Go over the data and keep only the lines that include "your".

---*---

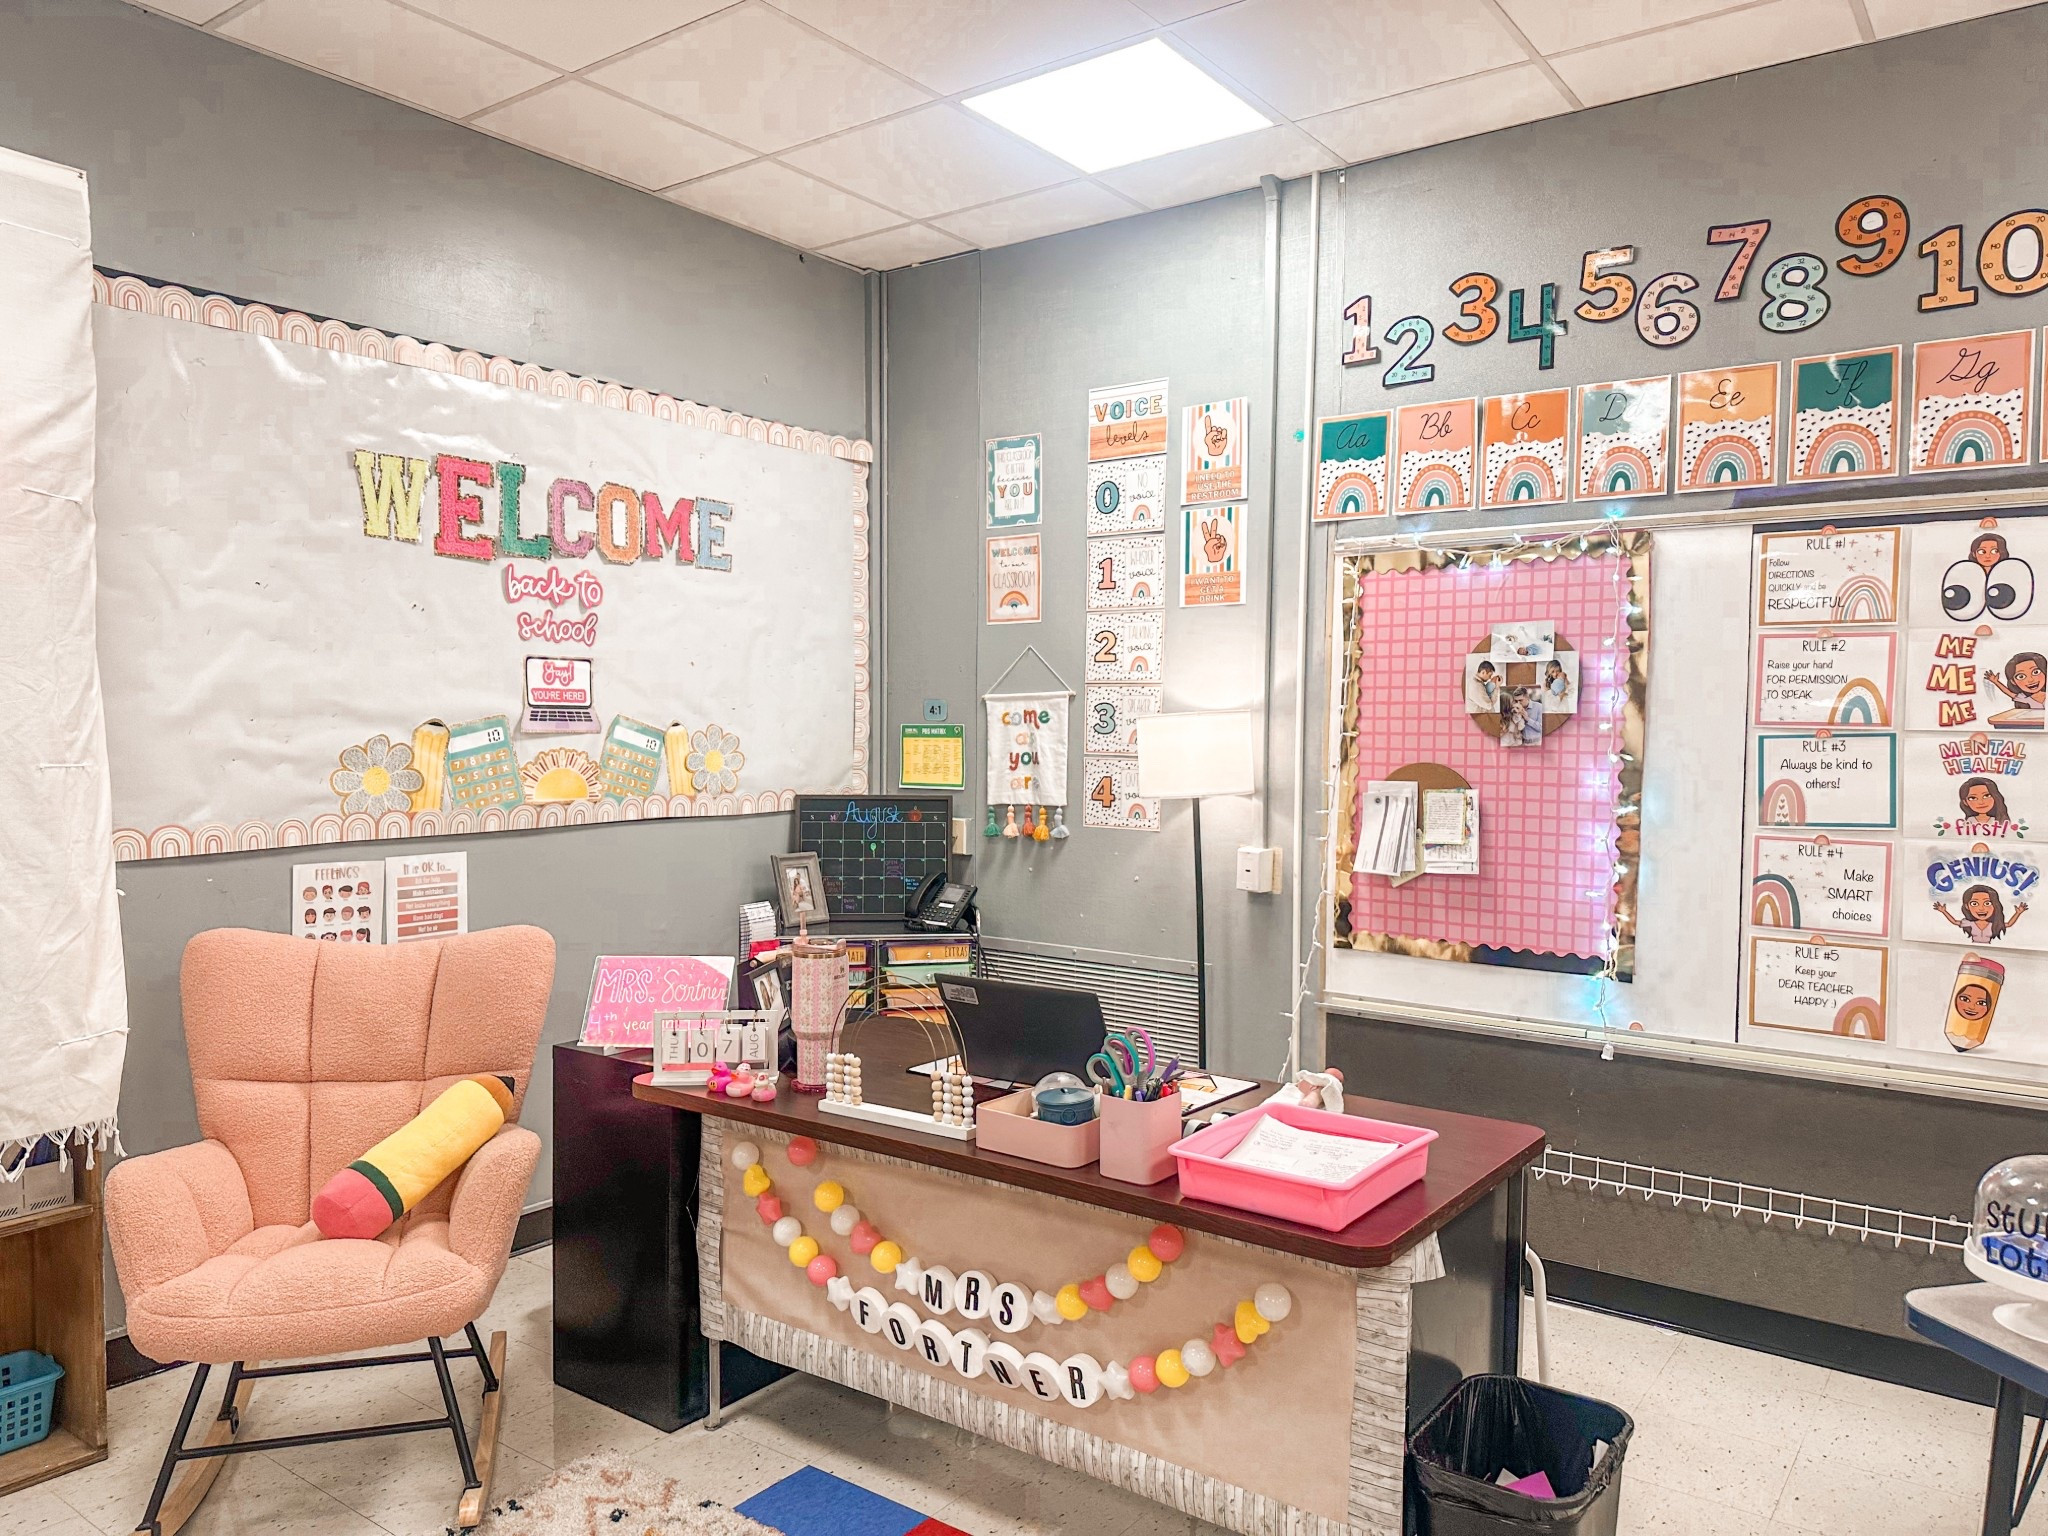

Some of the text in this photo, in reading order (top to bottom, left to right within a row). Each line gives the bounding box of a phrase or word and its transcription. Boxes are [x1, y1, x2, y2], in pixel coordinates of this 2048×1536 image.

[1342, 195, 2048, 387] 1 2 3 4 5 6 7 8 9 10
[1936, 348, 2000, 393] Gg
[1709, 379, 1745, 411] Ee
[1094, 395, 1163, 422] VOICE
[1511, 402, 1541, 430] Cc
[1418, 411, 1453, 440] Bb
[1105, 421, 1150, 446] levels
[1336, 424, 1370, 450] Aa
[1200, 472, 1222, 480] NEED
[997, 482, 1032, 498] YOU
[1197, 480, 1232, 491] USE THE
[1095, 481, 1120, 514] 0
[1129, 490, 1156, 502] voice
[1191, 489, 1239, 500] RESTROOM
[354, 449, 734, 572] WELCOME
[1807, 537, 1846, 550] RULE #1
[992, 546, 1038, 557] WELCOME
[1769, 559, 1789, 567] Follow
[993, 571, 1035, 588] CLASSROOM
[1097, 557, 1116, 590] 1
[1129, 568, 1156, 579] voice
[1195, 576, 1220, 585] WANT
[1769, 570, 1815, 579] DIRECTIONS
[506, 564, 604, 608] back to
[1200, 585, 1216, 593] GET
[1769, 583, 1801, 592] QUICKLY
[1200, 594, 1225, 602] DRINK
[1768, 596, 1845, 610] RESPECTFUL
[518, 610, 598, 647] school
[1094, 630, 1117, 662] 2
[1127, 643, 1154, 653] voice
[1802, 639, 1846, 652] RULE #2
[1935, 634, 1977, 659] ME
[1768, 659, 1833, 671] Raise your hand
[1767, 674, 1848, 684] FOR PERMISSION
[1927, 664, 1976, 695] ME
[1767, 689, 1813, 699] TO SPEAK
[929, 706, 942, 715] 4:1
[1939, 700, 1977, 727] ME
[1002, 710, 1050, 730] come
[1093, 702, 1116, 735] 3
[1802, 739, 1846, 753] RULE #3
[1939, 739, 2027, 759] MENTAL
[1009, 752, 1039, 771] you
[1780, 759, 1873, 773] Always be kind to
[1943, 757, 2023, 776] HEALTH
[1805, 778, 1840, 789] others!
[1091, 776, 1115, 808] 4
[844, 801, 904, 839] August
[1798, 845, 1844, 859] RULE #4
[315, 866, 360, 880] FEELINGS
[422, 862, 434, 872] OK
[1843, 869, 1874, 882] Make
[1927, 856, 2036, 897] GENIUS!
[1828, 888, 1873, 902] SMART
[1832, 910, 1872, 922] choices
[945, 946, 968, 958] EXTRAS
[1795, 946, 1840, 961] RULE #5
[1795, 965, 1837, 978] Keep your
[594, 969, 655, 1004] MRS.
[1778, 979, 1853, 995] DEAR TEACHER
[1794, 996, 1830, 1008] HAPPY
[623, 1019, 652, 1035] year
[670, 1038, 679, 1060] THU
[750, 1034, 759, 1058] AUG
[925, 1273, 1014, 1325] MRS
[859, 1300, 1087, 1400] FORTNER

---*---

● EXERCISE RESPONSE
[1768, 659, 1833, 671] Raise your hand
[1795, 965, 1837, 978] Keep your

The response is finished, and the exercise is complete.